An indirect method to monitor the fraction of people ever infected with COVID-19: An application to the United States.
Miguel Sánchez-RomeroVanessa di LegoAlexia PrskawetzBernardo L QueirozPublished in: PloS one (2021)
The number of COVID-19 infections is key for accurately monitoring the pandemics. However, due to differential testing policies, asymptomatic individuals and limited large-scale testing availability, it is challenging to detect all cases. Seroprevalence studies aim to address this gap by retrospectively assessing the number of infections, but they can be expensive and time-intensive, limiting their use to specific population subgroups. In this paper, we propose a complementary approach that combines estimated (1) infection fatality rates (IFR) using a Bayesian melding SEIR model with (2) reported case-fatality rates (CFR) in order to indirectly estimate the fraction of people ever infected (from the total population) and detected (from the ever infected). We apply the technique to the U.S. due to their remarkable regional diversity and because they count with almost a quarter of all global confirmed cases and deaths. We obtain that the IFR varies from 1.25% (0.39-2.16%, 90% CI) in Florida, the most aged population, to 0.69% in Utah (0.21-1.30%, 90% CI), the youngest population.

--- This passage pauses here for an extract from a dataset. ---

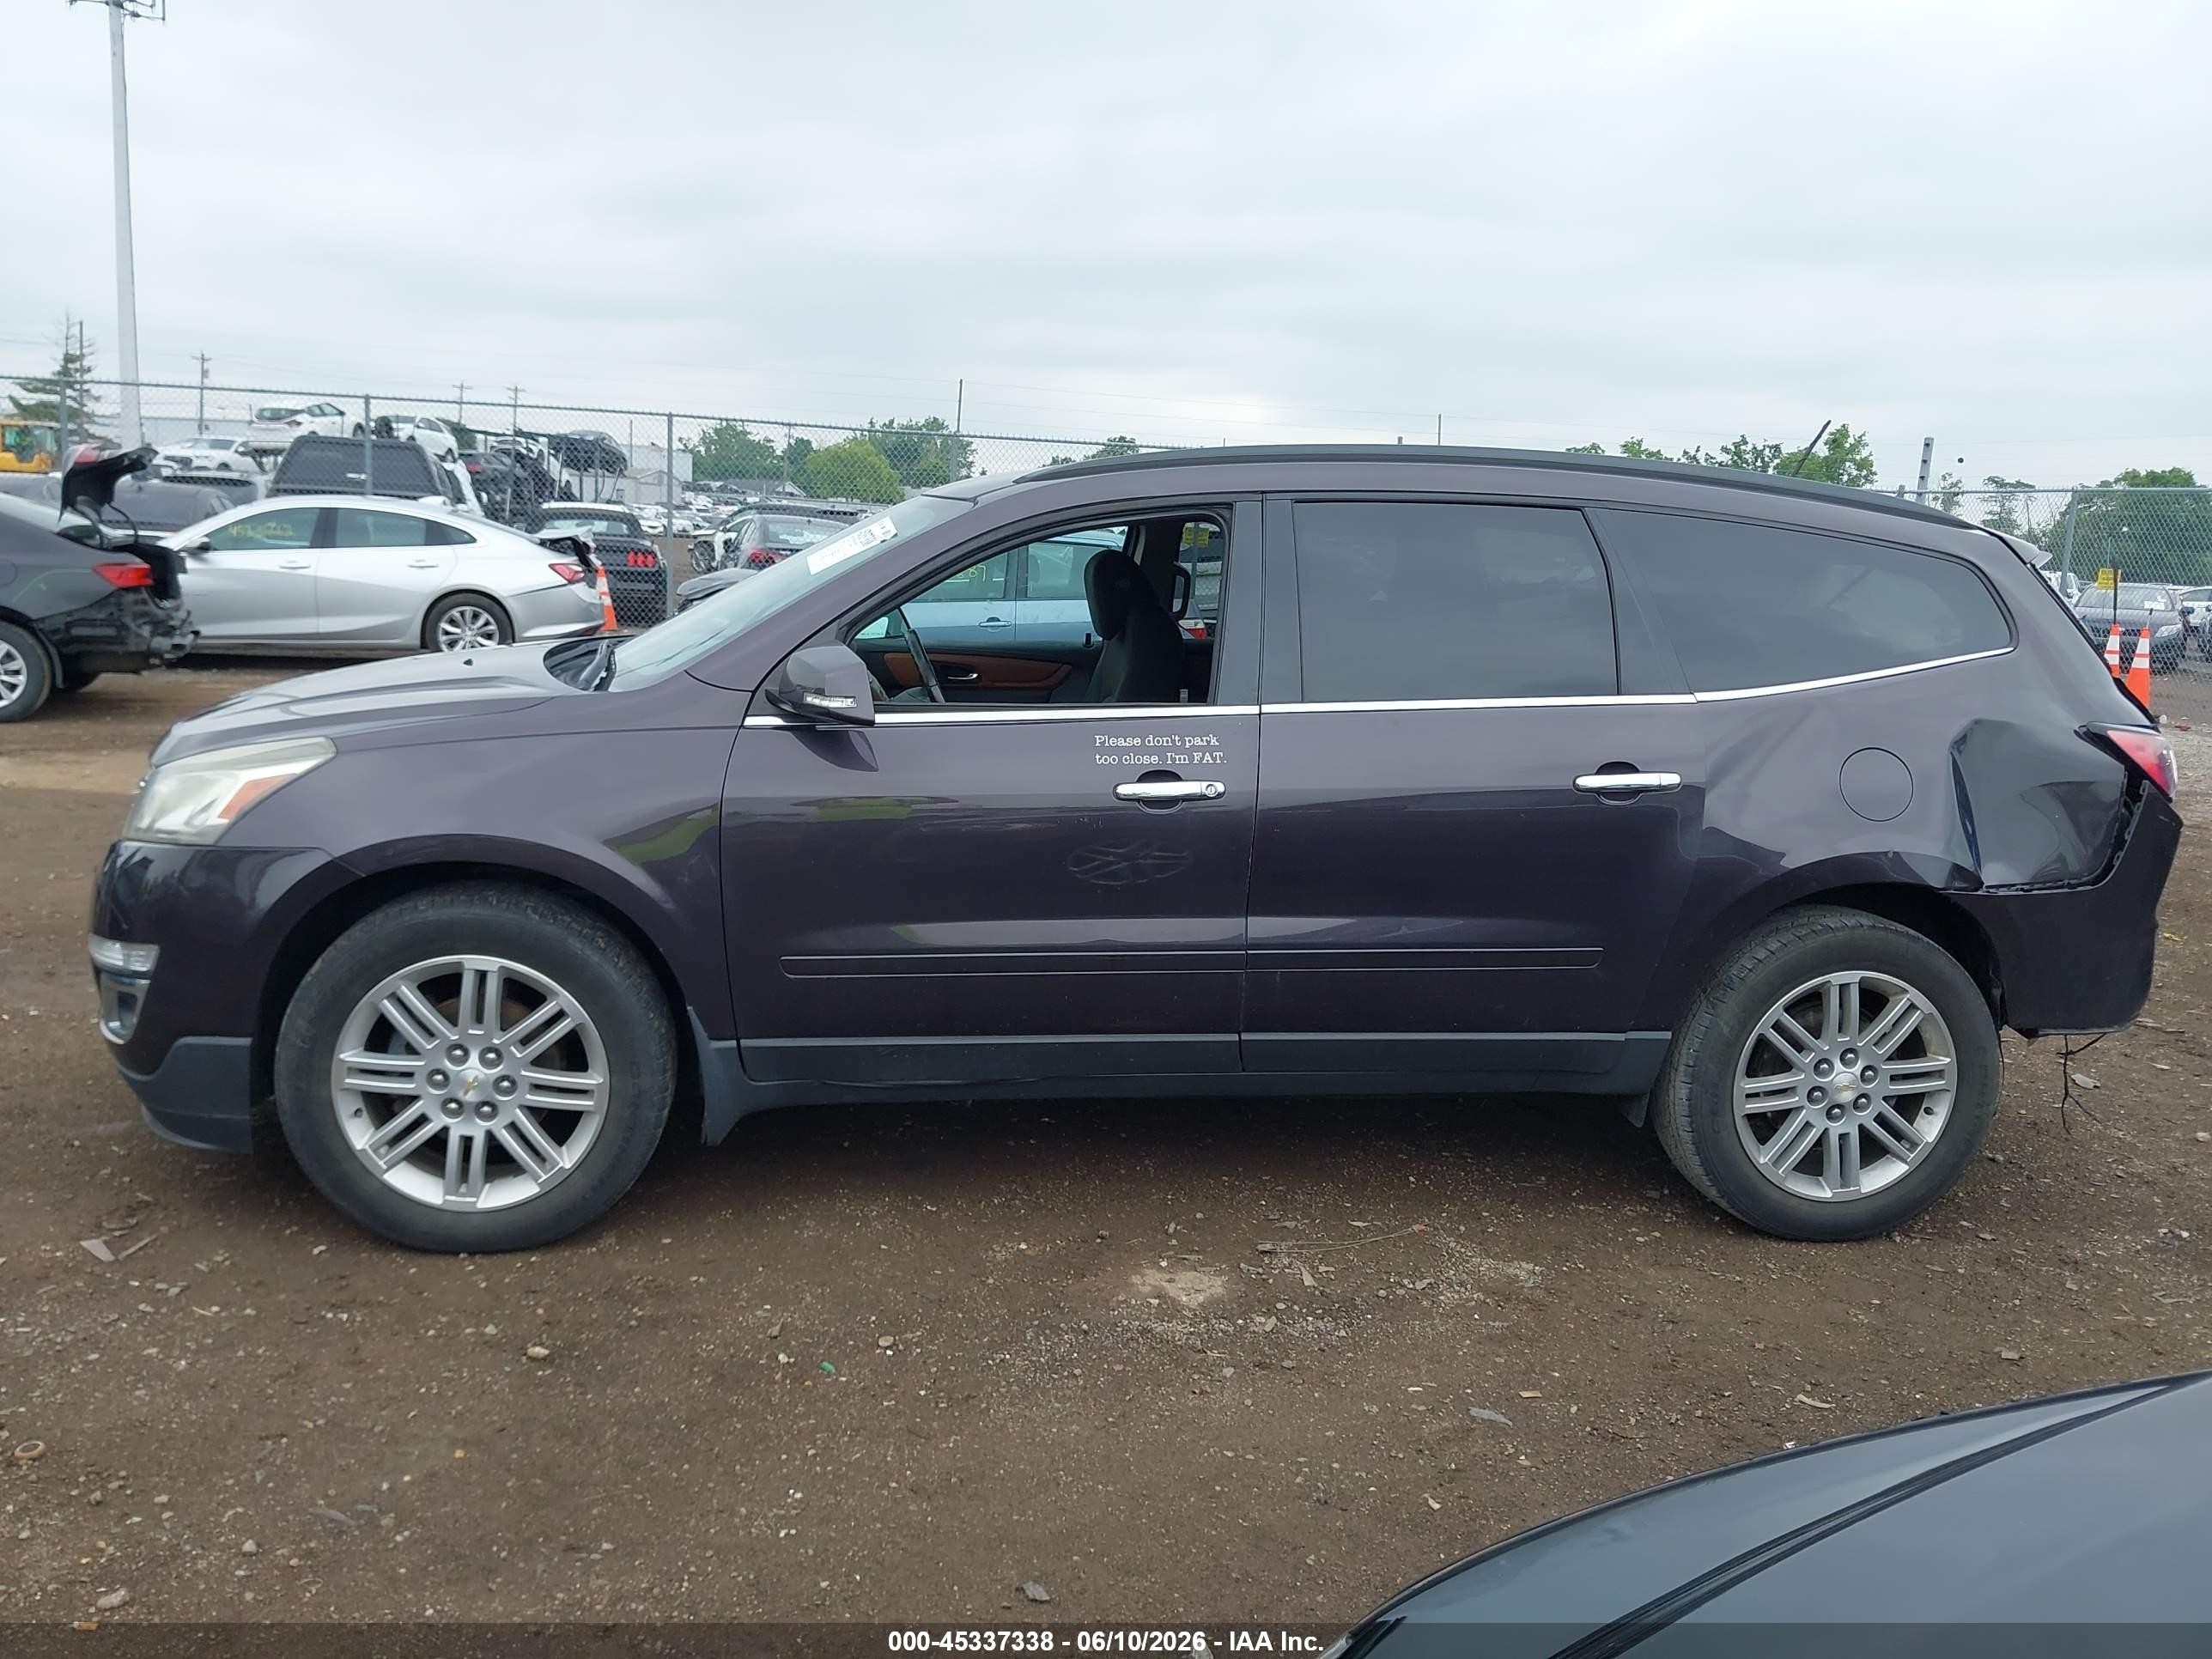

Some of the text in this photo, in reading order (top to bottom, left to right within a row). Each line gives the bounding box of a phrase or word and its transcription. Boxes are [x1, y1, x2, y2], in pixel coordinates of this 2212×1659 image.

By September 8, 2020, we estimate that at least five states have already a fraction of people ever infected between 10% and 20% (New Jersey, New York, Massachussets, Connecticut, and District of Columbia). The state with the highest estimated fraction of people ever infected is New Jersey with 17.3% (10.0, 55.8, 90% CI). Moreover, our results indicate that with a probability of 90 percent the fraction of detected people among the ever infected since the beginning of the epidemic has been less than 50% in 15 out of the 20 states analyzed in this paper. Our approach can be a valuable tool that complements seroprevalence studies and indicates how efficient have testing policies been since the beginning of the outbreak.